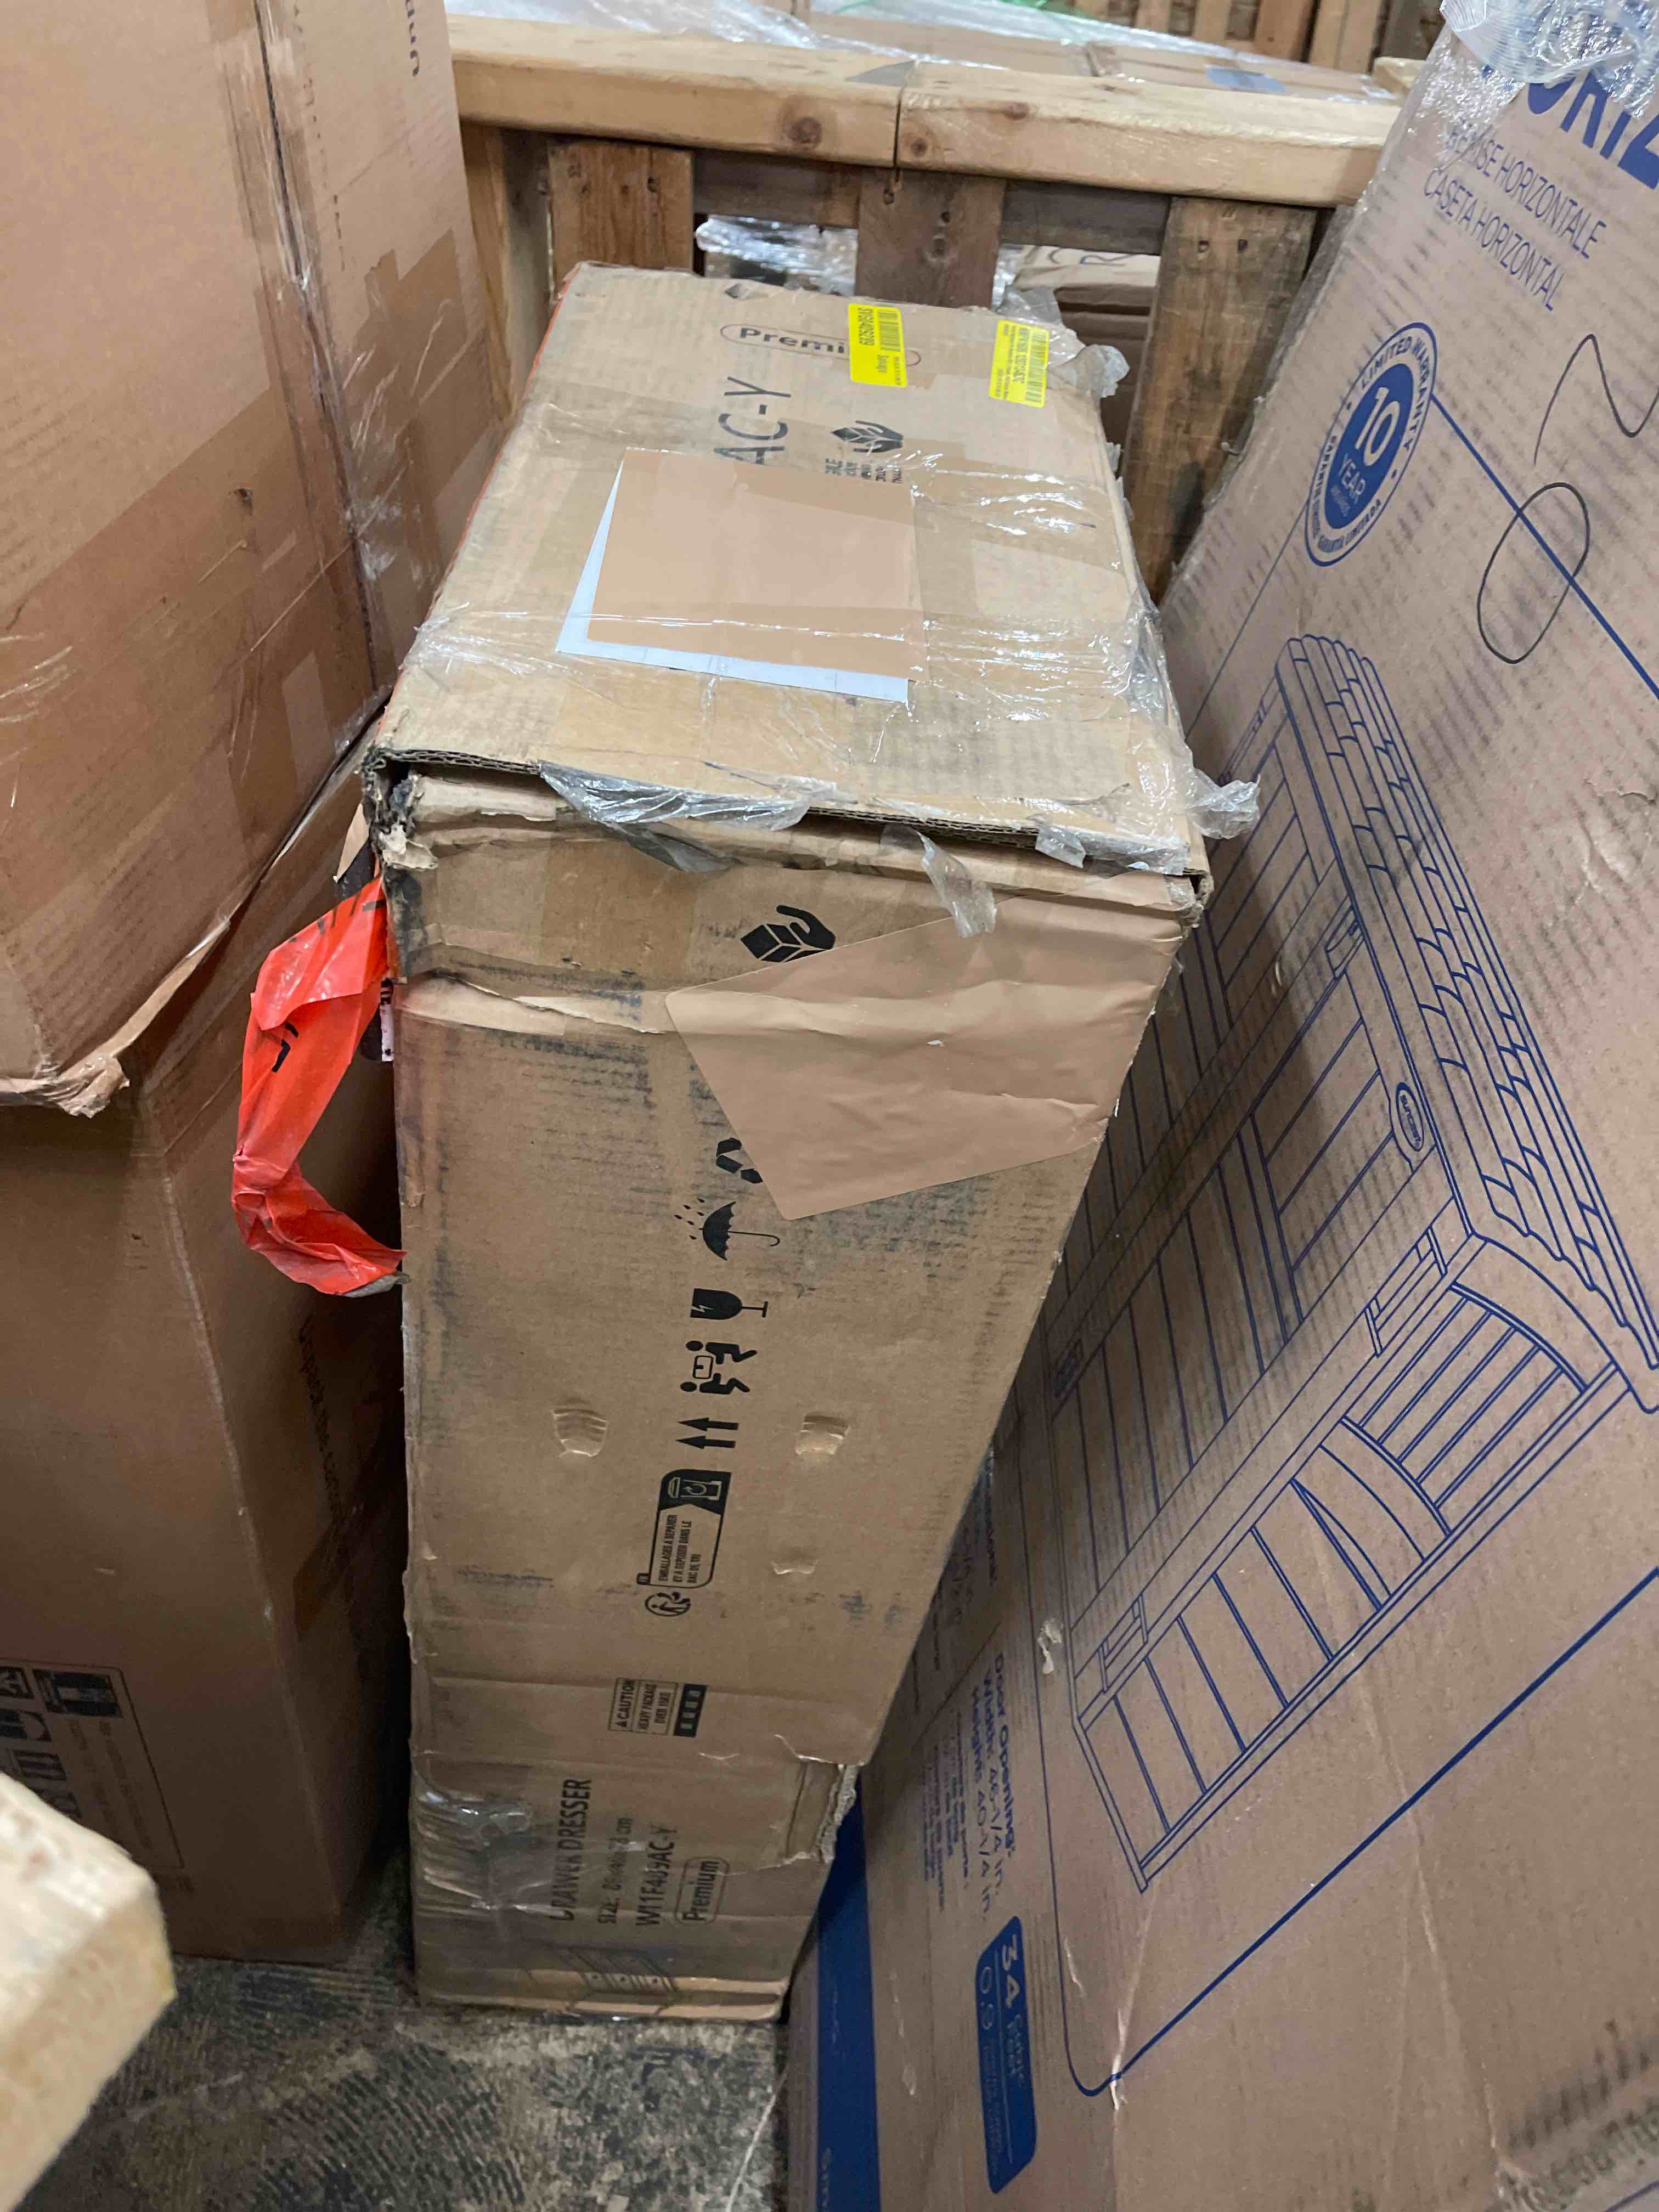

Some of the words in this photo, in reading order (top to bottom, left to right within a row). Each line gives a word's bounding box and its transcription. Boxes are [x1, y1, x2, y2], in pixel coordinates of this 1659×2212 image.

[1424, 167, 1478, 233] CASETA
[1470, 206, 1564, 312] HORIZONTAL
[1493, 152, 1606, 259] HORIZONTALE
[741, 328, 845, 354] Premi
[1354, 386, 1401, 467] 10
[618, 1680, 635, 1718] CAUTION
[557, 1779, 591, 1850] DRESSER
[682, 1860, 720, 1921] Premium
--
• Work required: Exactly repeat the data above; the pictures do not belong in your copy.

• Written answer:
Some of the words in this photo, in reading order (top to bottom, left to right within a row). Each line gives a word's bounding box and its transcription. Boxes are [x1, y1, x2, y2], in pixel coordinates of this 1659×2212 image.

[1424, 167, 1478, 233] CASETA
[1470, 206, 1564, 312] HORIZONTAL
[1493, 152, 1606, 259] HORIZONTALE
[741, 328, 845, 354] Premi
[1354, 386, 1401, 467] 10
[618, 1680, 635, 1718] CAUTION
[557, 1779, 591, 1850] DRESSER
[682, 1860, 720, 1921] Premium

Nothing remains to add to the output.